Inverting the Problem
The shift is a profound one. The designer is no longer a direct sculptor of form but a specifier of function. They articulate the desired performance—the objective function—and the optimization algorithm navigates the vast parameter space to find a corresponding geometry. It is a paradigm that elevates the design process from selecting patterns to defining principles, trusting the mathematics to translate abstract intent into physical reality. The demonstrations are a testament to the framework's reach. Given a target directional stiffness profile—say, a material that resists compression along one axis while remaining compliant in the others—the system finds the microstructure that achieves it. Given a target nonlinear stress-strain curve, with its particular yield point and post-yield softening, it computes the geometry. Given the requirement for strongly auxetic behavior—the counterintuitive property of transverse expansion under longitudinal stretch—it delivers a structure that expands as intended.

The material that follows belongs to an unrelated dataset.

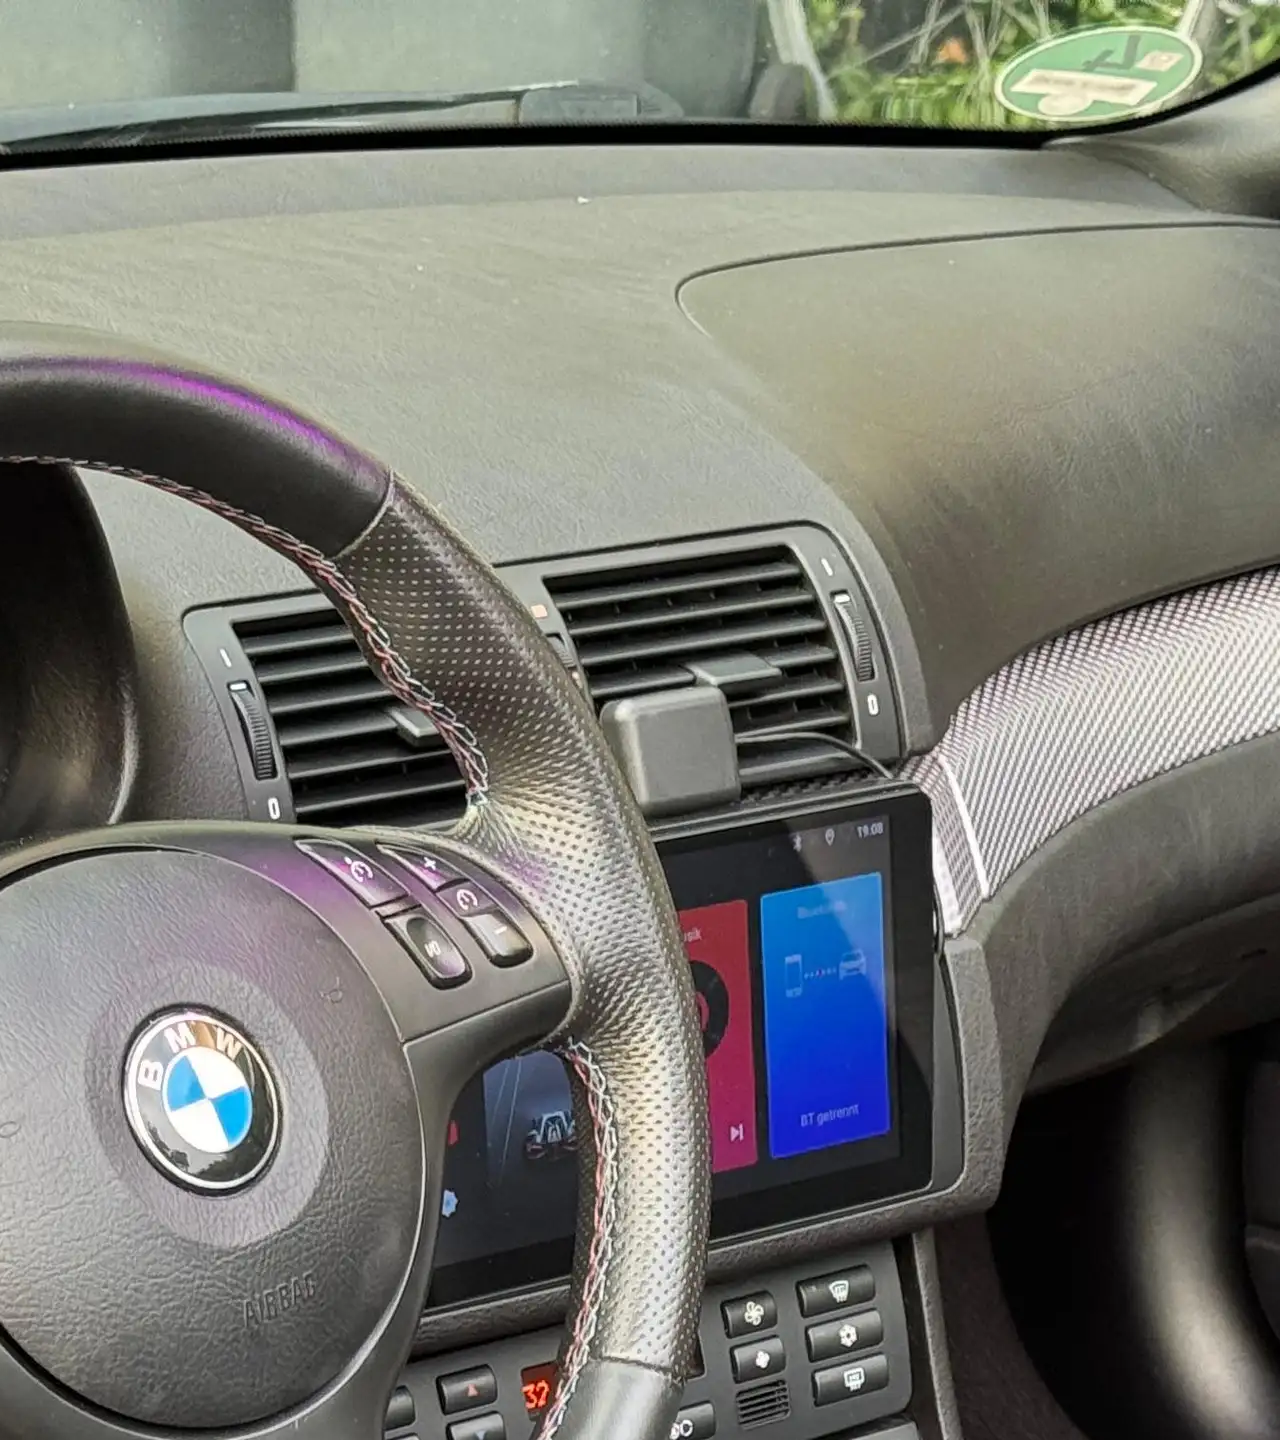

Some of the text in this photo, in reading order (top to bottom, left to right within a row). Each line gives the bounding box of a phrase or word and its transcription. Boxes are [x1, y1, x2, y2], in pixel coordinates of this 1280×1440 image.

[136, 1020, 245, 1091] BMW
[801, 1112, 814, 1127] BT
[243, 1271, 317, 1328] AIRBAG

Perhaps most evocative is the demonstration of graded materials. Because the parameterization is continuous, the metric polyhedra can be spatially interpolated across a design domain. The result is not a stepped mosaic of different structure types but a seamless morphology: a material that transitions, without seam or discontinuity, from one mechanical character to another. This is the kind of result that a library-based approach cannot, in principle, produce.
The authors are measured about what remains. Physical validation is a necessary next step; the predictions of an optimization loop are only as trustworthy as the mechanical model they rest on. The space of possible structural representations—rod networks, spinodal decompositions—remains broader than what this single framework encompasses. But in replacing a catalog with a continuous, optimizable space, Numerow, Coros, and Thomaszewski have done something foundational. This foundation is one upon which more complex inquiries can be built. Could this geometric language be used to co-optimize for mechanical and thermal properties simultaneously? Can manufacturability constraints, such as minimum feature size or overhang angles, be encoded as penalties within the optimization? Moreover, such a parameterization provides a potent front-end for machine learning models, which excel at learning relationships within high-dimensional, continuous spaces. This work could provide the very language these future models will use to reason about, and ultimately create, the materials of tomorrow. They have offered the field of cellular metamaterial design not just new structures, but a new way of thinking about the structures that are possible.